Quote the records that follow in full and exactly; leave out the pictures.

==============================

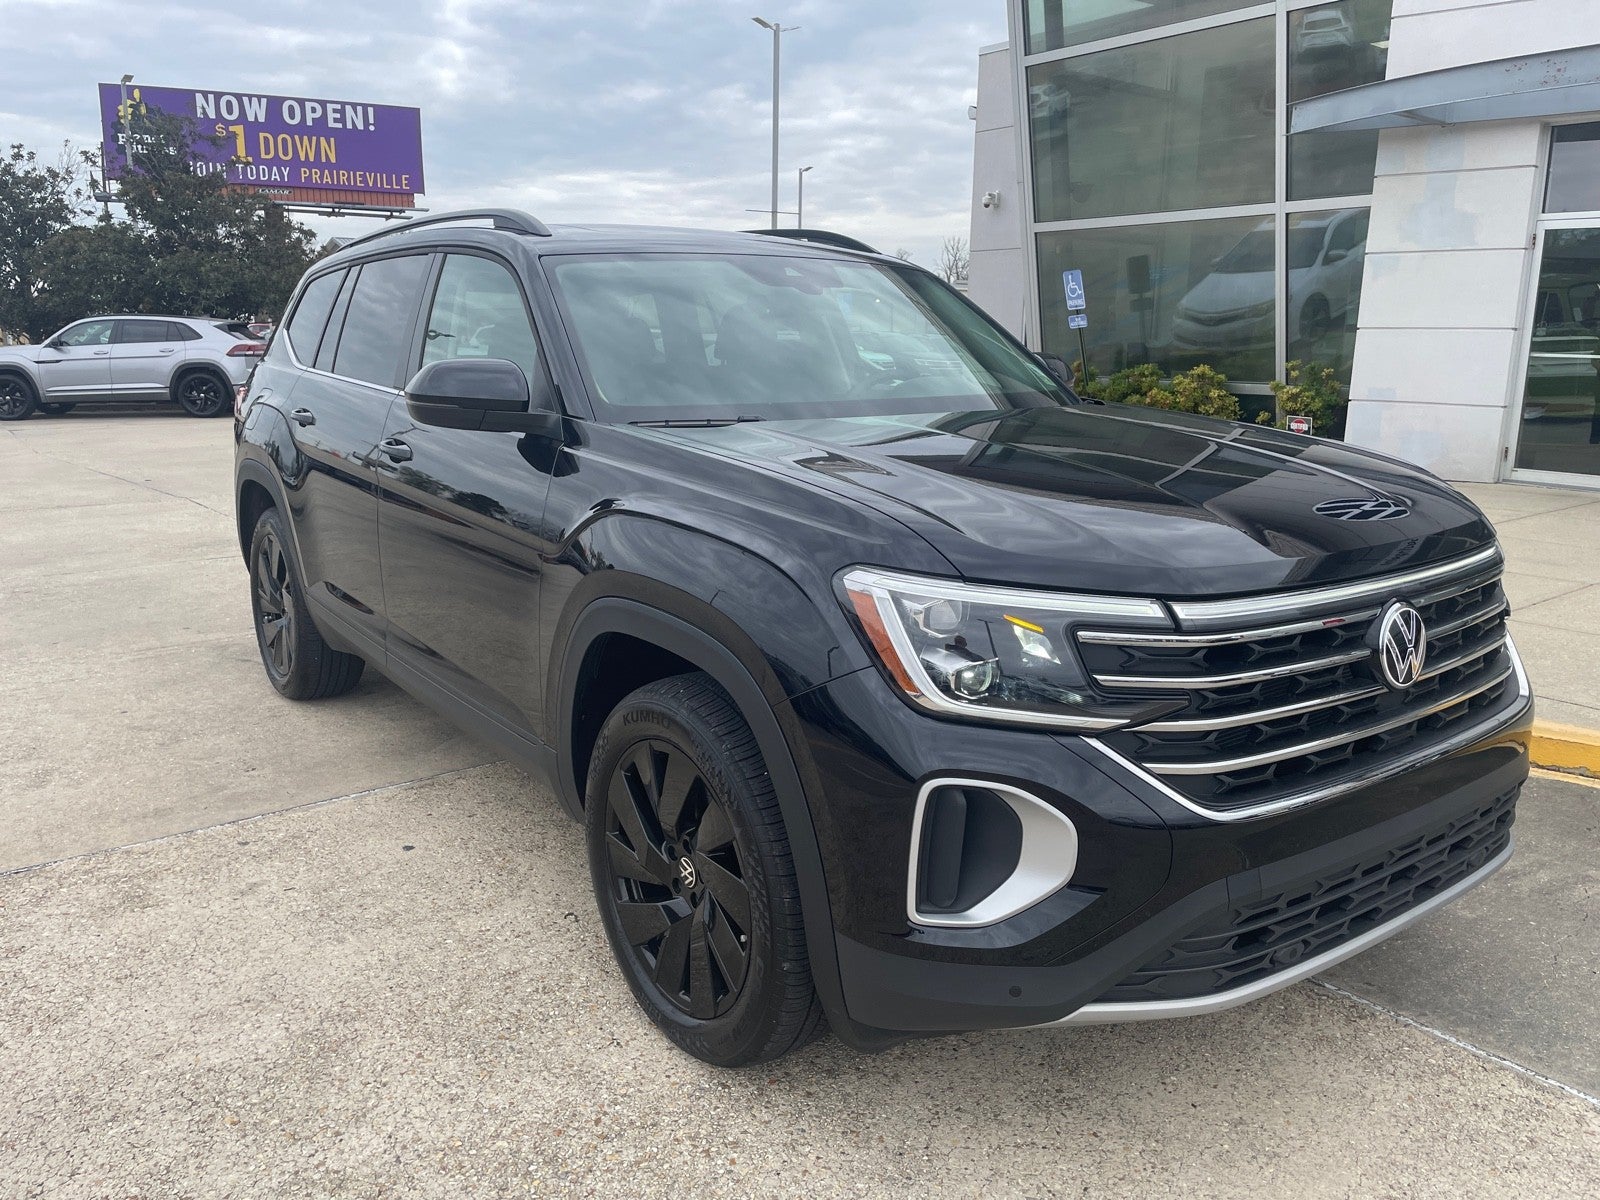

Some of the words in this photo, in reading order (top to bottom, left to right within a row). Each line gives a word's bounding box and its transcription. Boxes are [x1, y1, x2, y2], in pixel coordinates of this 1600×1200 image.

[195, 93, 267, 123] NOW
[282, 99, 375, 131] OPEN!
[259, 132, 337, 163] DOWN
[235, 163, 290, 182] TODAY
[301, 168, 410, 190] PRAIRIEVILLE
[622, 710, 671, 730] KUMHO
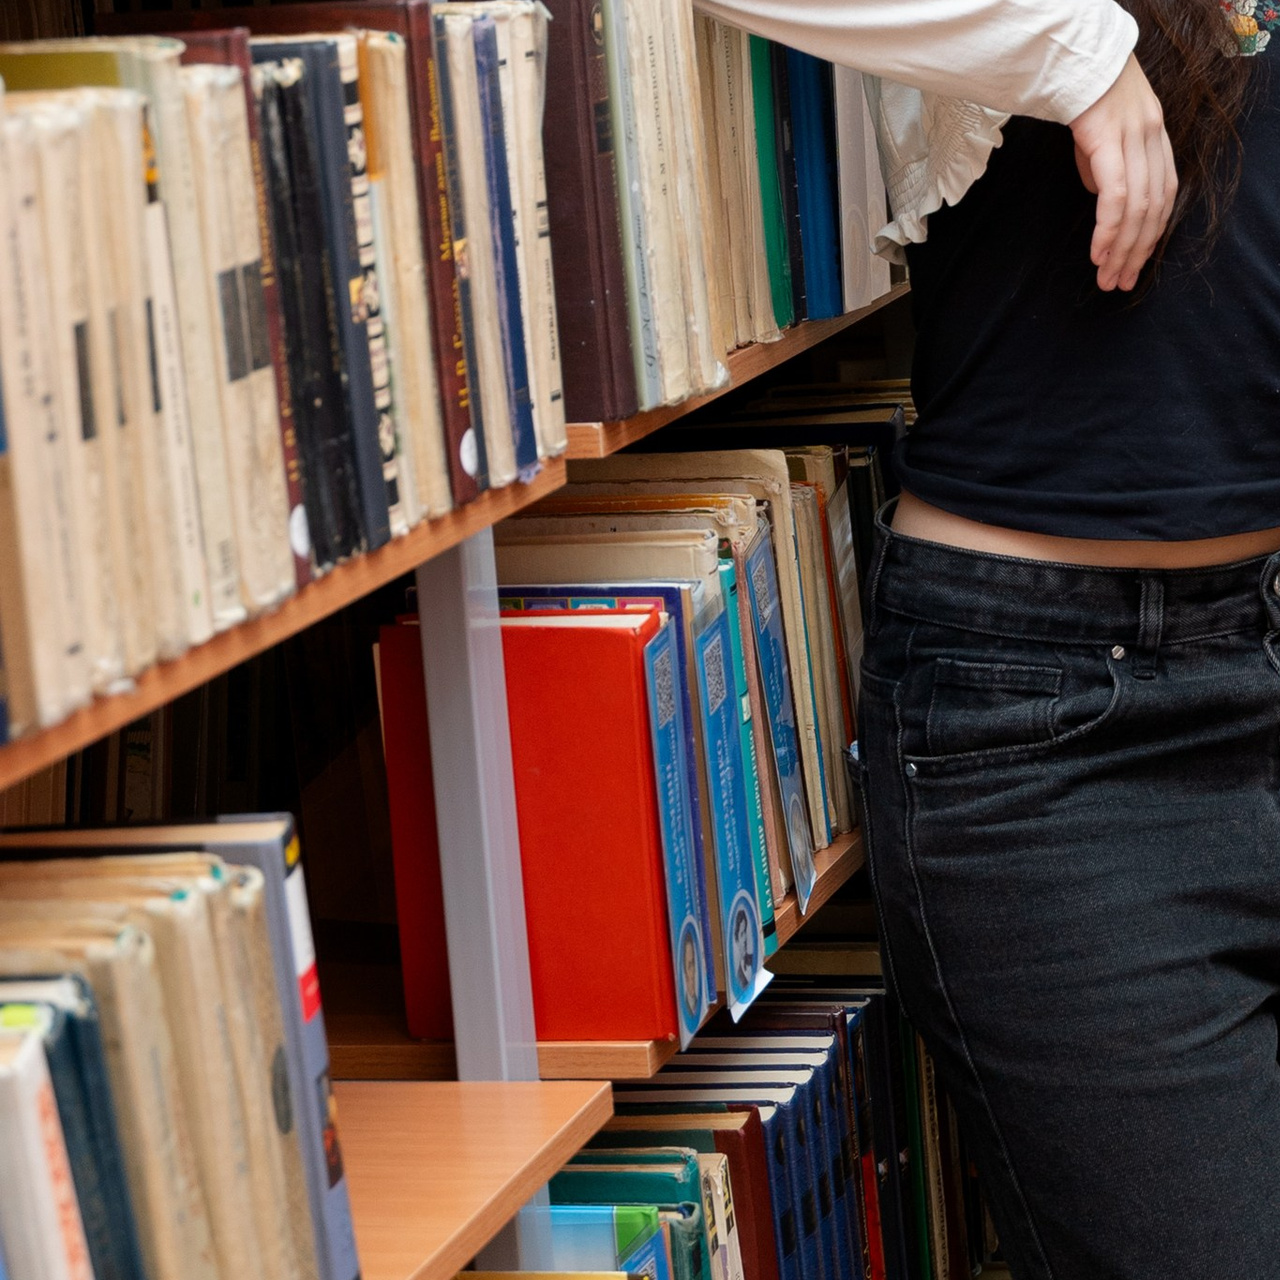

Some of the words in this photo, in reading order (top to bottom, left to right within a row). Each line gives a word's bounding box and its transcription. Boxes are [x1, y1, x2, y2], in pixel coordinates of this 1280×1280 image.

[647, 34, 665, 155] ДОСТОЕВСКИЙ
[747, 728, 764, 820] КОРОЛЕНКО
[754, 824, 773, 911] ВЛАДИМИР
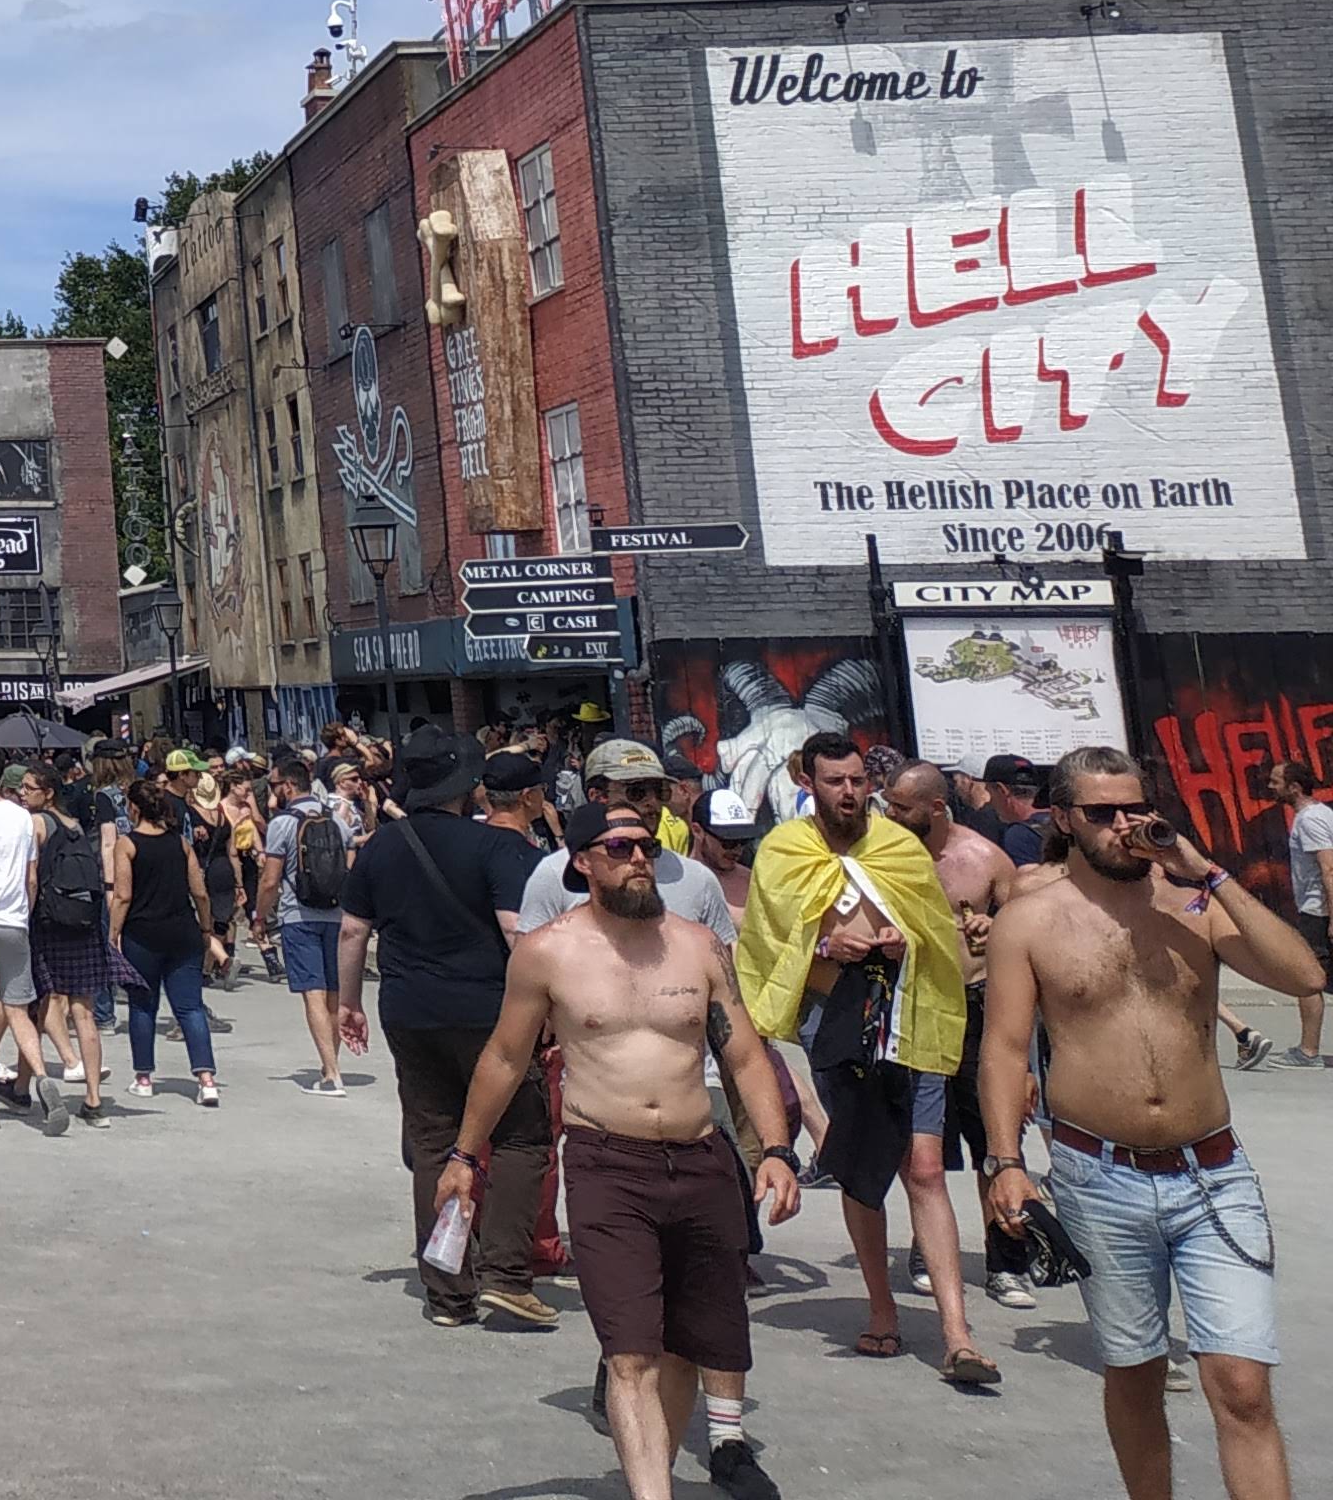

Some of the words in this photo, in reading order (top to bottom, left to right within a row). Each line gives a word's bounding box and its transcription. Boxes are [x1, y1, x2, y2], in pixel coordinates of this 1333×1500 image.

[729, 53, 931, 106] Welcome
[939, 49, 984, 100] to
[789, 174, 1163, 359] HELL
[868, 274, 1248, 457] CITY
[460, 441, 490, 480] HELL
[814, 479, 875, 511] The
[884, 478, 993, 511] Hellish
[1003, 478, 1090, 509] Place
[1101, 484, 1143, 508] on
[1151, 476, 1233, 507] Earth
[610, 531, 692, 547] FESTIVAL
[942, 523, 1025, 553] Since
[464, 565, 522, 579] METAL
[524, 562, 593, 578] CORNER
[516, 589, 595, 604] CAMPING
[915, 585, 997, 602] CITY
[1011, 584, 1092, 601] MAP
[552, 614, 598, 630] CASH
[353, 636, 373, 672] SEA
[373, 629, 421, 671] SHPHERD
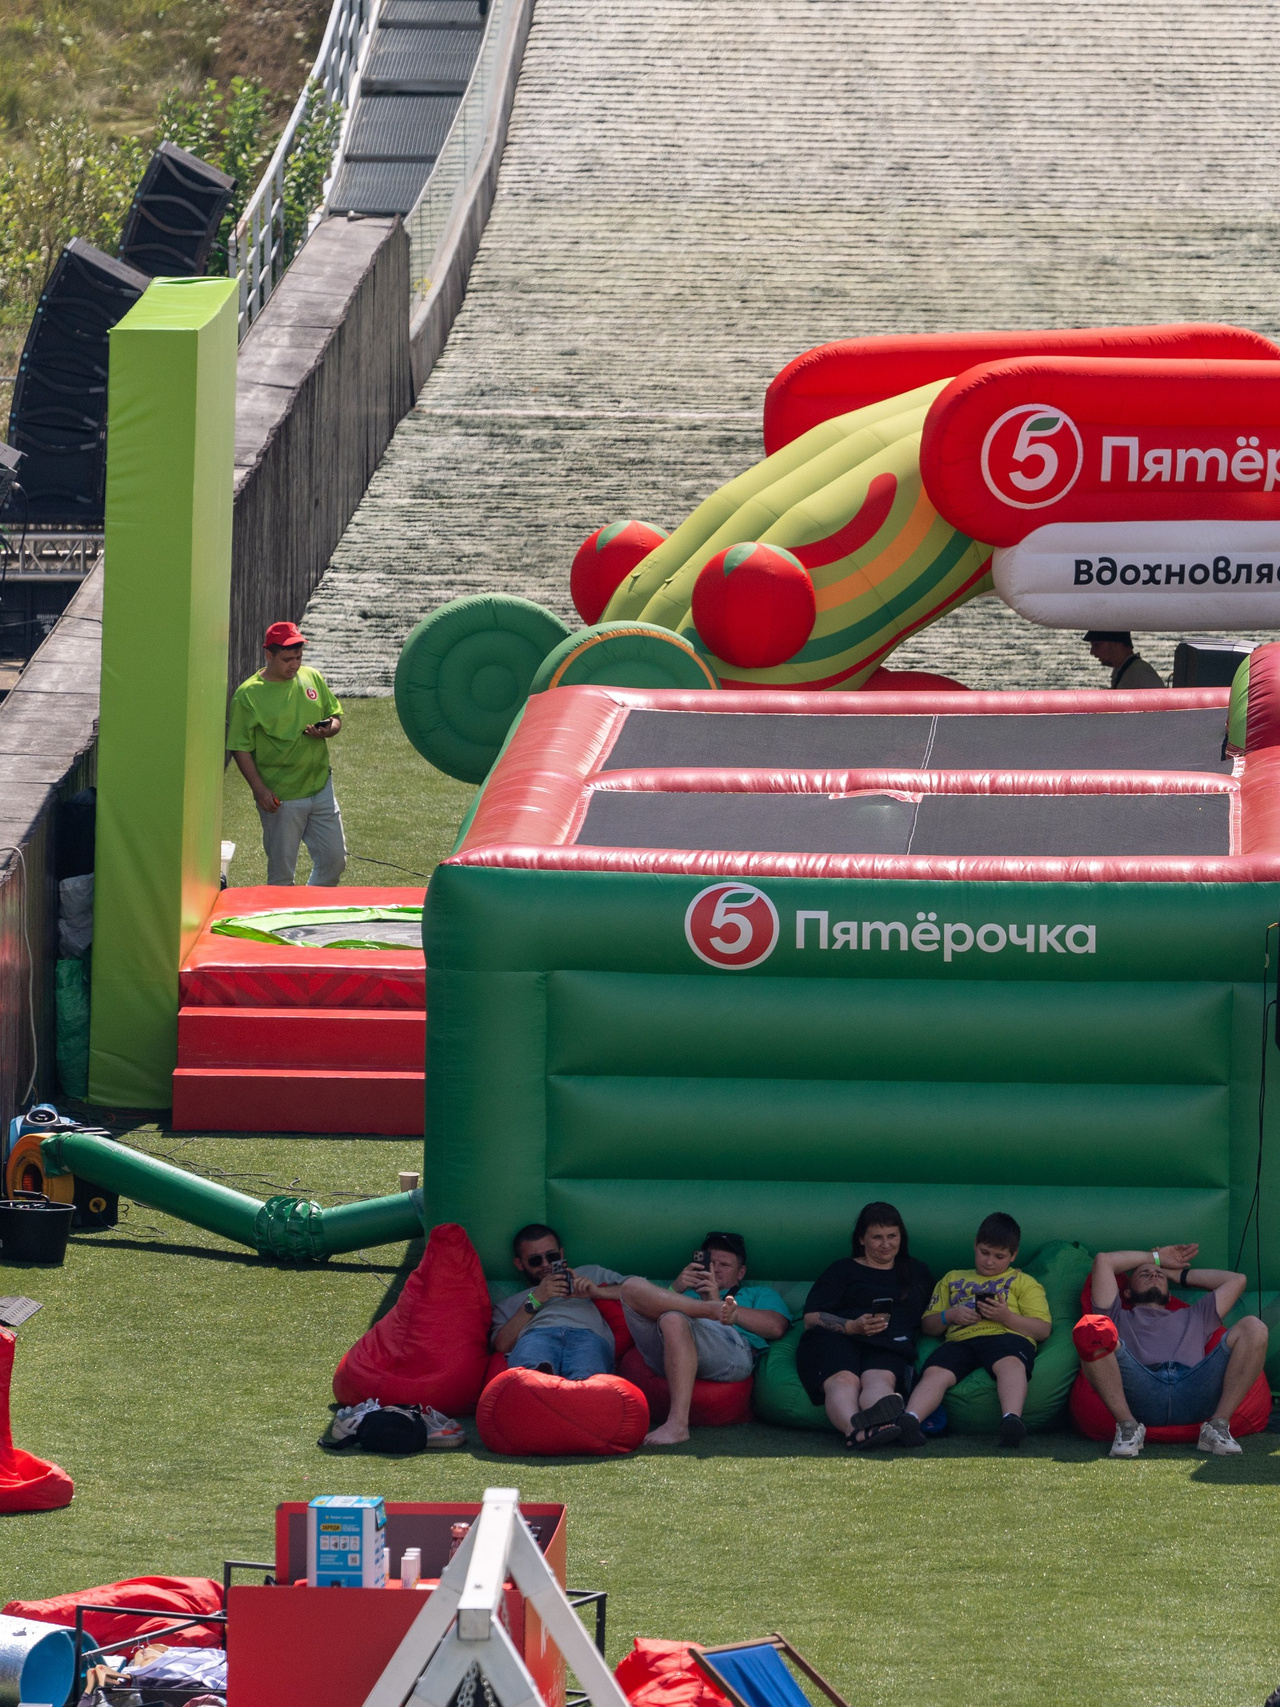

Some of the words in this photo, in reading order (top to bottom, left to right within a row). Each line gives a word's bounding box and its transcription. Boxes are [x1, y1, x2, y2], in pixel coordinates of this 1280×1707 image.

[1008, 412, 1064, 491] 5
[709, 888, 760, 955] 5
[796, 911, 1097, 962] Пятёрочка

==============================

> **Answer below**
Some of the words in this photo, in reading order (top to bottom, left to right within a row). Each line gives a word's bounding box and its transcription. Boxes are [x1, y1, x2, y2], in pixel coordinates of this 1600×1200 image.

[195, 93, 267, 123] NOW
[282, 99, 375, 131] OPEN!
[259, 132, 337, 163] DOWN
[235, 163, 290, 182] TODAY
[301, 168, 410, 190] PRAIRIEVILLE
[622, 710, 671, 730] KUMHO

Some of the words in this photo, in reading order (top to bottom, left to right within a row). Each line gives a word's bounding box and its transcription. Boxes are [x1, y1, x2, y2], in pixel coordinates of this 1280×1280 image.

[647, 34, 665, 155] ДОСТОЕВСКИЙ
[747, 728, 764, 820] КОРОЛЕНКО
[754, 824, 773, 911] ВЛАДИМИР

Some of the words in this photo, in reading order (top to bottom, left to right within a row). Each line gives a word's bounding box and its transcription. Boxes are [x1, y1, x2, y2], in pixel coordinates of this 1333×1500 image.

[729, 53, 931, 106] Welcome
[939, 49, 984, 100] to
[789, 174, 1163, 359] HELL
[868, 274, 1248, 457] CITY
[460, 441, 490, 480] HELL
[814, 479, 875, 511] The
[884, 478, 993, 511] Hellish
[1003, 478, 1090, 509] Place
[1101, 484, 1143, 508] on
[1151, 476, 1233, 507] Earth
[610, 531, 692, 547] FESTIVAL
[942, 523, 1025, 553] Since
[464, 565, 522, 579] METAL
[524, 562, 593, 578] CORNER
[516, 589, 595, 604] CAMPING
[915, 585, 997, 602] CITY
[1011, 584, 1092, 601] MAP
[552, 614, 598, 630] CASH
[353, 636, 373, 672] SEA
[373, 629, 421, 671] SHPHERD

Some of the words in this photo, in reading order (top to bottom, left to right within a row). Each line gives a word's bounding box and its transcription. Boxes are [x1, y1, x2, y2], in pixel coordinates of this 1280×1707 image.

[1008, 412, 1064, 491] 5
[709, 888, 760, 955] 5
[796, 911, 1097, 962] Пятёрочка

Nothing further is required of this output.